Task goal: The entries are to be written out word for word, with their images left out.

Task data:
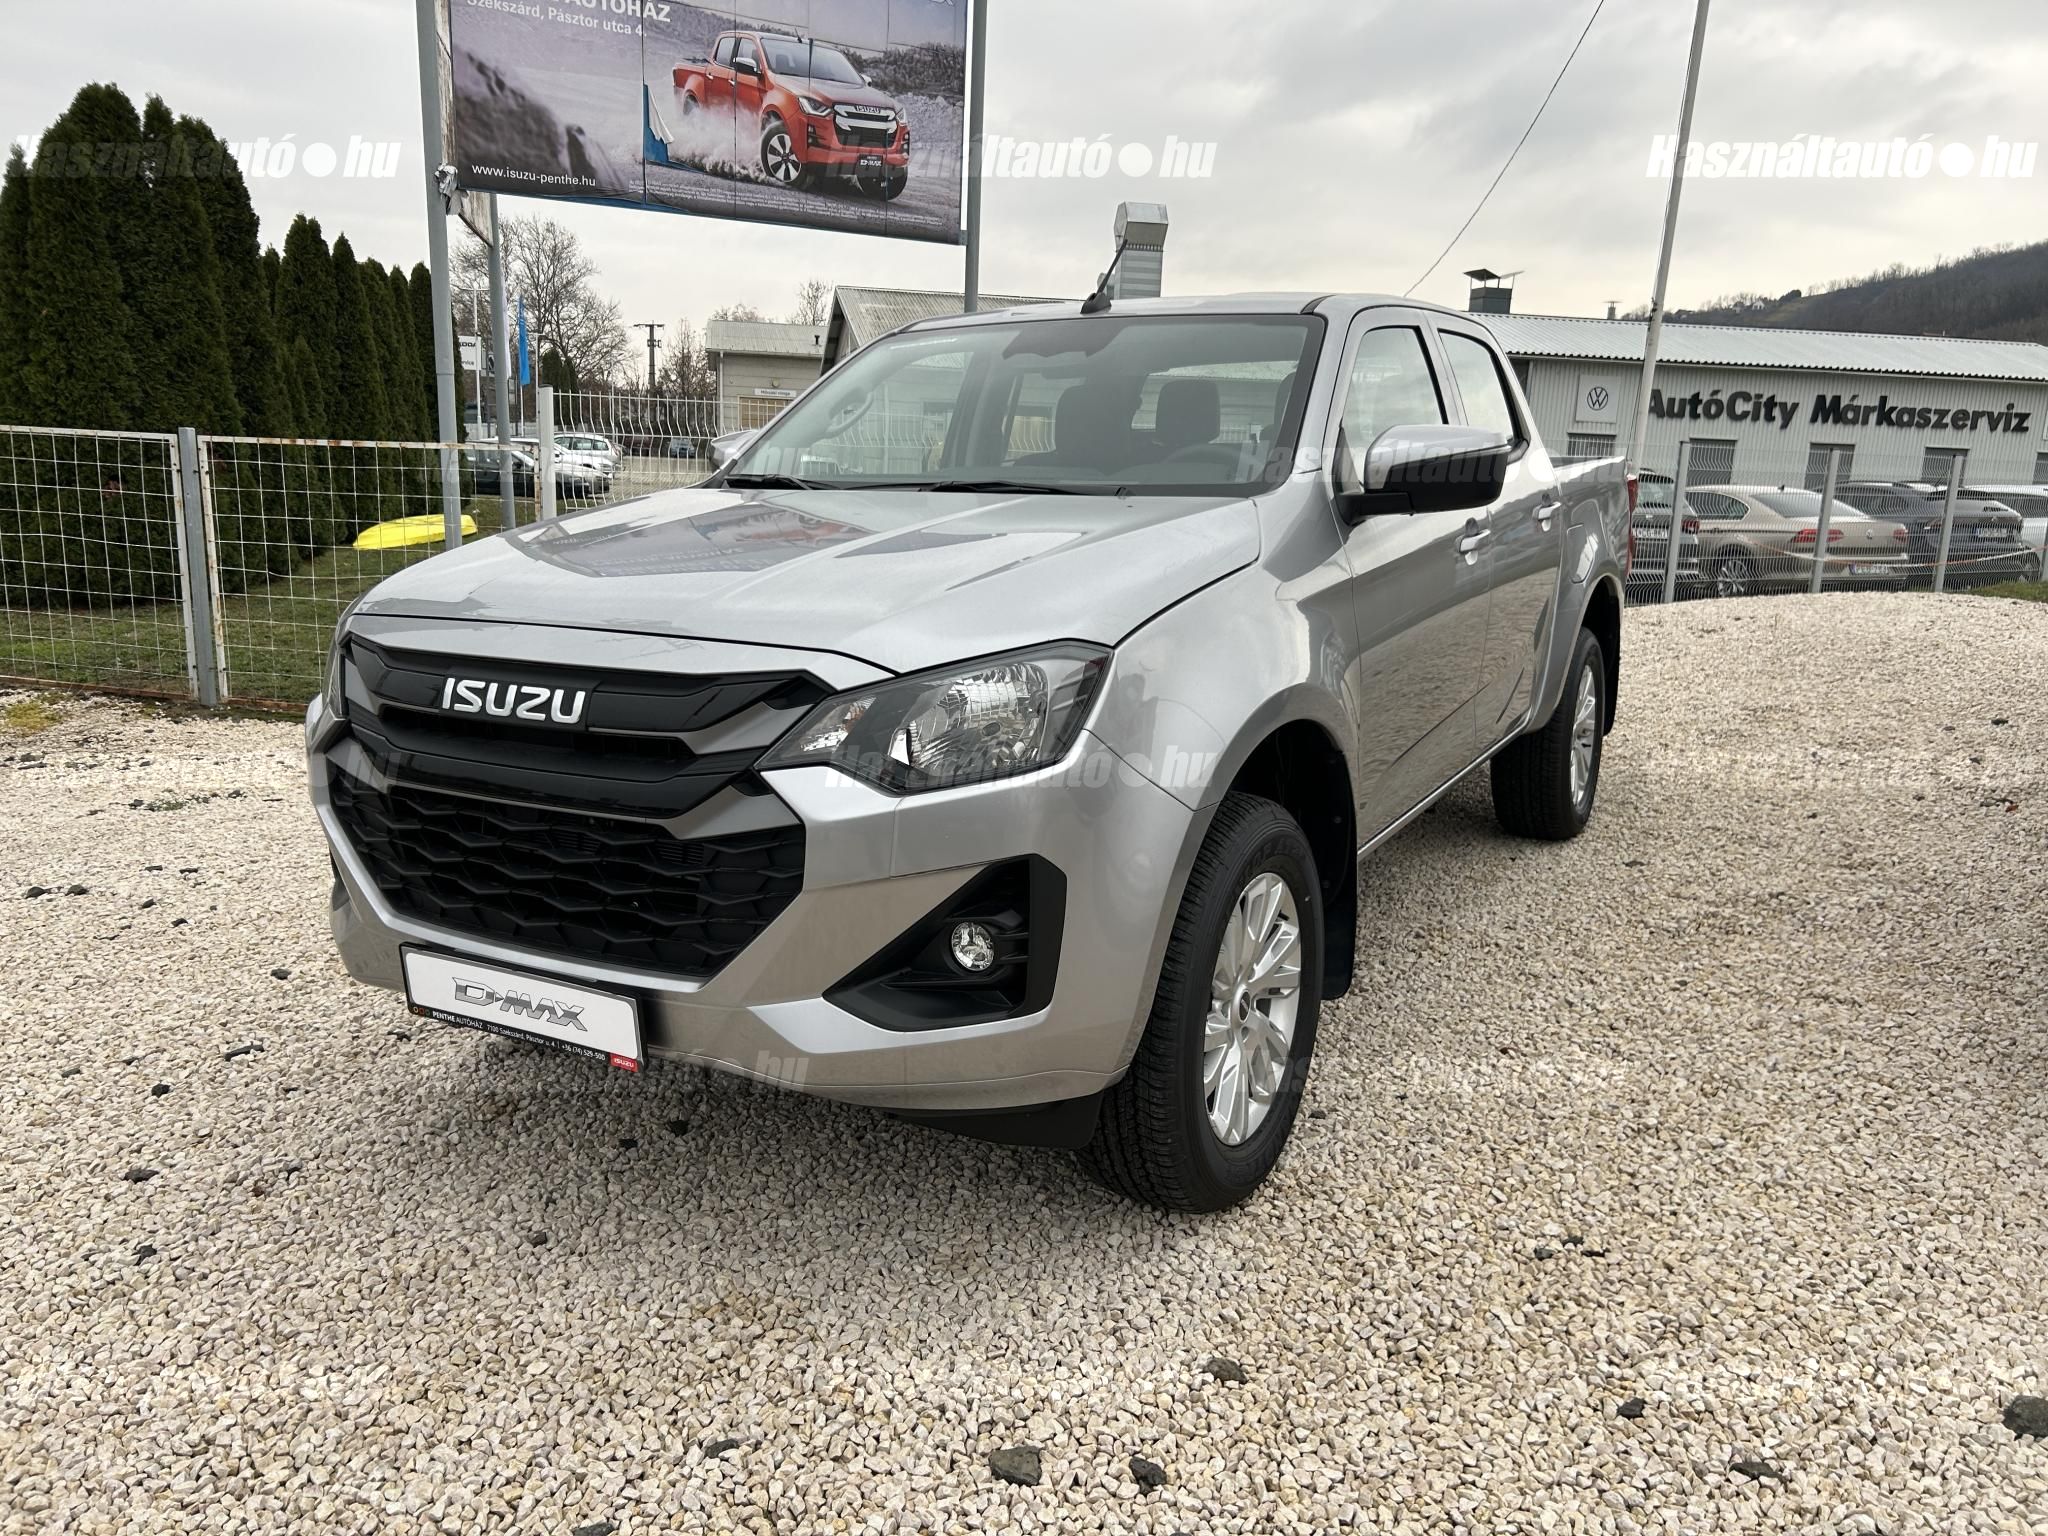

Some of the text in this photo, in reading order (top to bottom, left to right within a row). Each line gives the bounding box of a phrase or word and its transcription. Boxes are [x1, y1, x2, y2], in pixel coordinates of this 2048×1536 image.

[548, 7, 598, 28] Pásztor
[603, 20, 631, 34] utca
[856, 105, 880, 114] ISUZU
[472, 164, 596, 187] www.isuzu-penthe.hu
[1648, 389, 2032, 433] AutóCity Márkaszerviz
[442, 677, 586, 724] ISUZU
[452, 976, 588, 1031] D-MAX
[432, 1011, 455, 1022] PENTHE
[614, 1057, 634, 1068] ISUZU
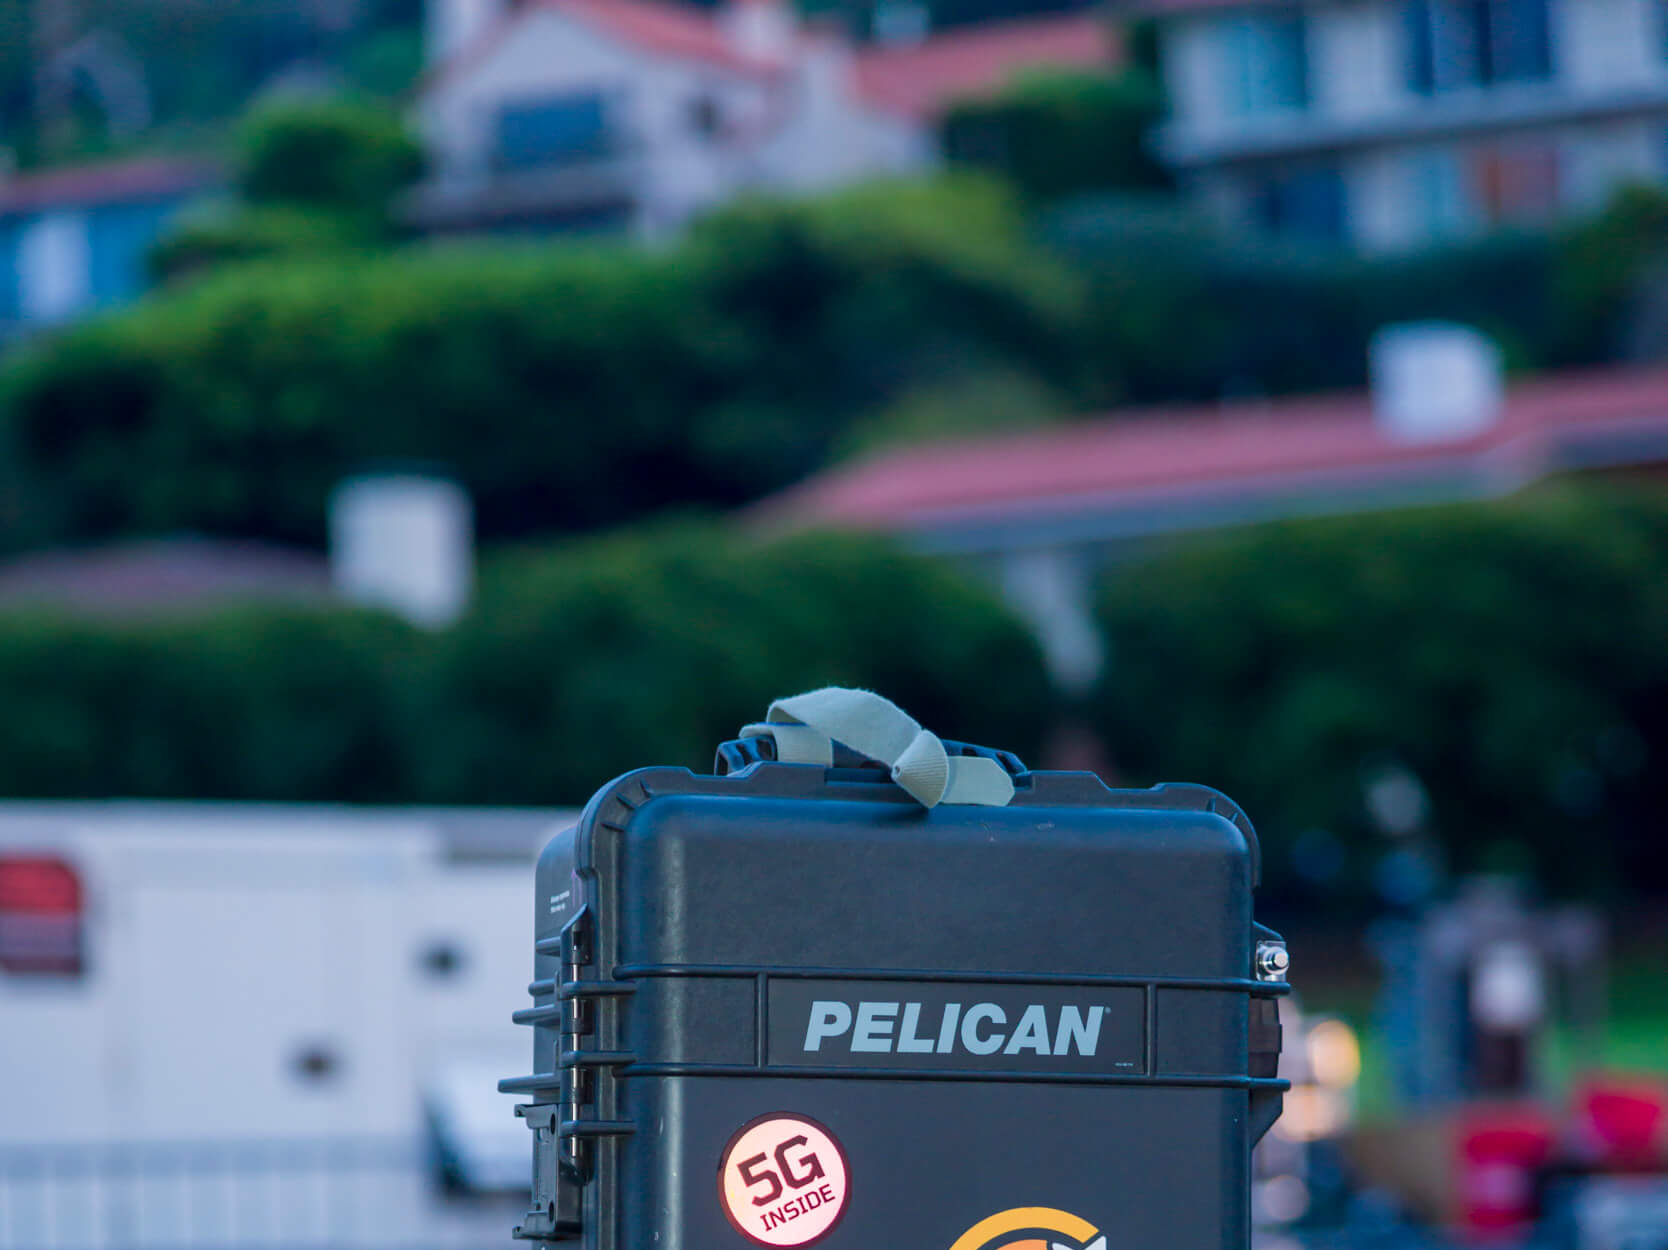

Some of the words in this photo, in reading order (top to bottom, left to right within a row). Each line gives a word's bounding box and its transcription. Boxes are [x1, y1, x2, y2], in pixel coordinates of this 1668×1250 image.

[803, 1001, 1104, 1056] PELICAN
[736, 1134, 826, 1207] 5G
[760, 1183, 836, 1232] INSIDE

Reply to the exercise:
Some of the text in this photo, in reading order (top to bottom, left to right within a row). Each line gives the bounding box of a phrase or word and its transcription. Boxes are [x1, y1, x2, y2], in pixel coordinates of this 2048×1536 image.

[548, 7, 598, 28] Pásztor
[603, 20, 631, 34] utca
[856, 105, 880, 114] ISUZU
[472, 164, 596, 187] www.isuzu-penthe.hu
[1648, 389, 2032, 433] AutóCity Márkaszerviz
[442, 677, 586, 724] ISUZU
[452, 976, 588, 1031] D-MAX
[432, 1011, 455, 1022] PENTHE
[614, 1057, 634, 1068] ISUZU

Some of the words in this photo, in reading order (top to bottom, left to right within a row). Each line gives a word's bounding box and its transcription. Boxes are [x1, y1, x2, y2], in pixel coordinates of this 1668×1250 image.

[803, 1001, 1104, 1056] PELICAN
[736, 1134, 826, 1207] 5G
[760, 1183, 836, 1232] INSIDE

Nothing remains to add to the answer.